In other cases, the synergy stems from a venture utilizing a large organization’s technological building blocks.  Sehat Kahani is a Pakistani startup founded by Dr Sara Saeed (CEO) and Dr Iffat Zaffar (COO) that uses telemedicine to provide remote medical advice to patients while at the same time tapping the underutilized capacities of women doctors. This startup’s relationship with Microsoft has helped it rapidly scale its mobile app and gain traction owing to the coronavirus crisis. Participating in large corporations’ partner ecosystems provides support in the scaling process, and in this case the timing was opportune in terms of social impact, with the urgency of the situation making the synergy even clearer and eliciting quick decisions from both parties.

Leverage expertise in interfaces between large and small organizations.

Recognizing synergy is one thing, working together is quite another – due to vast structural and organizational differences. Some large organizations have worked hard to establish partner interfaces with startups such as corporate accelerators (cohorts) or pitching competitions (funnels). The expertise to build effective corporation-startup interfaces can help to accelerate collaboration between these dissimilar organizations in turbulent times.

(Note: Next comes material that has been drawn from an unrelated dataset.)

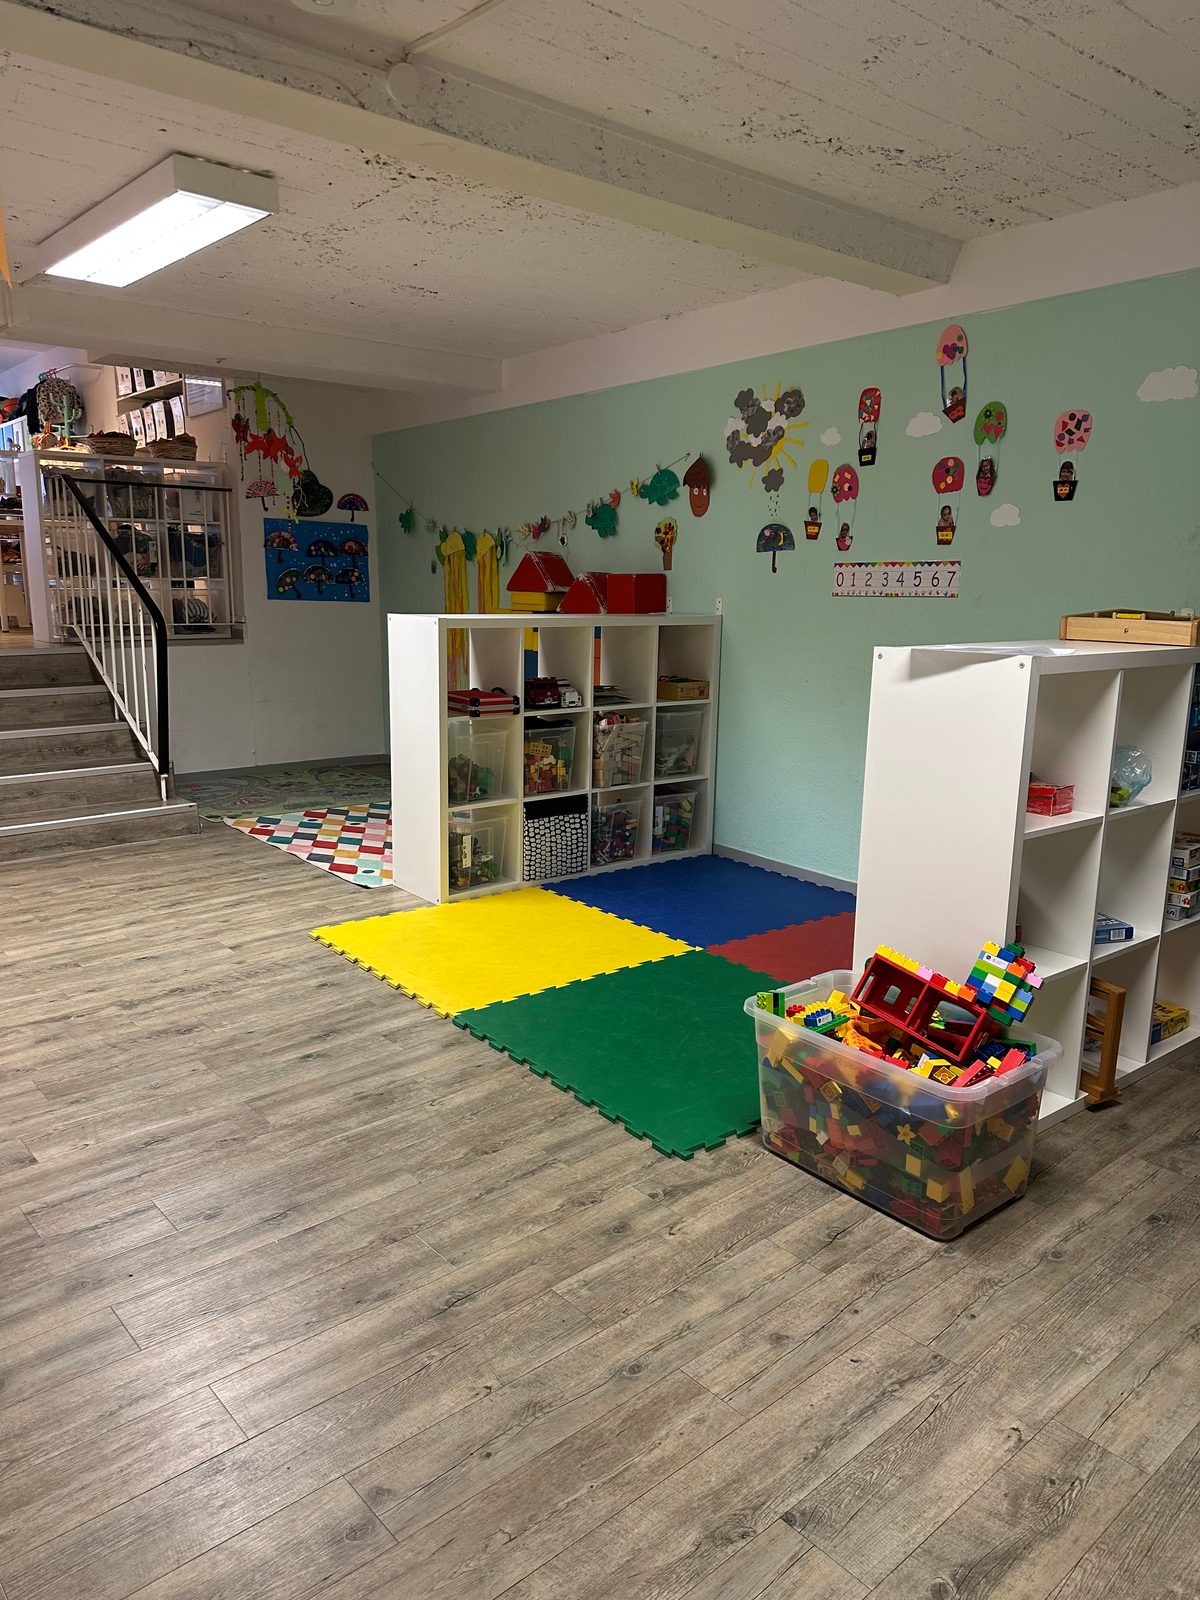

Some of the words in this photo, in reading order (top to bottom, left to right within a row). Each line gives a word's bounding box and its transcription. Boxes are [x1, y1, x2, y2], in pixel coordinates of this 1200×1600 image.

To illustrate, Gregor Gimmy and Matthias Meyer, the co-founders of BMW Startup Garage, deployed their interfacing expertise in their current outfit, 27 pilots, to set up Startups Against Coronovirus. This interface enables startups to address large organizations’ crisis-induced pain points in areas such as remote work, virtual events and supply chain management, among others. For their part, large corporations are able to rapidly obtain solutions from (often well-funded) innovative startups, thus becoming their “venture clients”. For example, Leena AI, an Indian startup, quickly developed a Covid-19 HR chatbot, which is being deployed by LafargeHolcim, a large Swiss cement manufacturer – an outcome enabled by this initiative’s interfacing expertise.

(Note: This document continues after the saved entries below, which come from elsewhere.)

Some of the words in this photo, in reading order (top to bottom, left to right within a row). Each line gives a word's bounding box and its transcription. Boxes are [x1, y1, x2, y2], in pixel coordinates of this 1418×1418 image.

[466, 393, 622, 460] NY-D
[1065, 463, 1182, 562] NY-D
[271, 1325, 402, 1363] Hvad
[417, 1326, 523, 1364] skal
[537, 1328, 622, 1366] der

Leverage pre-crisis exemplars of partnering between large and small organizations.

Despite the best intentions, moving quickly during troubled times may not be easy. Proven success stories of small-large firm partnering may be well placed to hit the ground running in a crisis. An African startup illustrates this well. When I visited Bayer’s G4A digital health team in Berlin a couple of years ago, the last thing I expected was to learn about a startup from Ghana that had participated in its accelerator. Bisa (which means “ask” in the Twi language), is a mobile app that allows people to get medical advice. Conceived during the Ebola crisis by a young technology entrepreneur, Raindolf Owusu, who has been referred to as the Larry Page of Ghana, this young firm has enhanced its capabilities and visibility by partnering with Bayer. In the midst of the coronavirus crisis, Bisa has been offering a lot of free advice and information dissemination to the public in Ghana and Senegal.

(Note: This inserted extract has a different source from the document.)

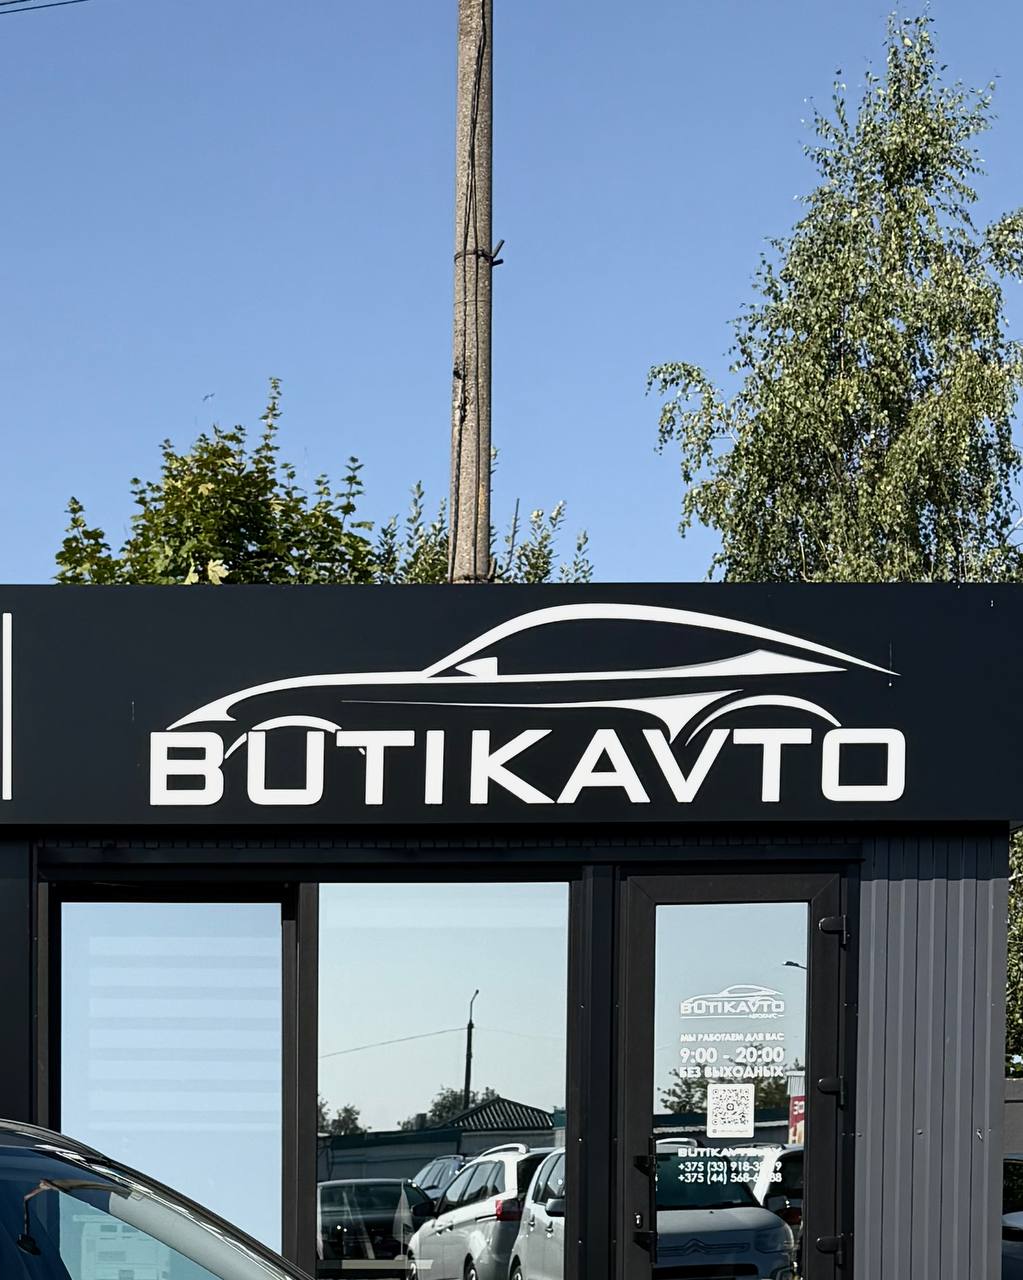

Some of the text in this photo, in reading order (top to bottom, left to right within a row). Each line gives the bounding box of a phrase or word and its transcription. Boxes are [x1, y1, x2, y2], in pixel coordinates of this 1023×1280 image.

Although the bonds of our strong relationships with family and friends are especially valuable in times of crisis, bridges built with highly dissimilar actors can also create value in such a period – and efforts to do this prior to a crisis can bear fruit during turbulent times. Israel’s Sheba Hospital, a medical center with valuable expertise in partnering with startups through its ARC Innovation Center, was able to rapidly mobilize startup ideas via a coronavirus hackathon. This example, and those of startups like Bisa, Hinounou and Sehat Kahani, show how pre-crisis investments in social capital with dissimilar actors help organizations respond rapidly and collaboratively to a societal crisis.

To conclude, the ability to partner with dissimilar actors represents an important means of coping resiliently and flexibly with a large-scale crisis; those that have it ought to leverage it, and support those that don’t. It is a capability that pays off in the best – and worst – of times. And it provides hope for a post-crisis decade when the world economy rebuilds and continues its pursuit of the 2030 Sustainable Development Goals.

Shameen Prashantham is an Associate Professor of International Business & Strategy at China Europe International Business School in Shanghai and the author of Born Globals, Networks and the Multinational Enterprise (Routledge, London).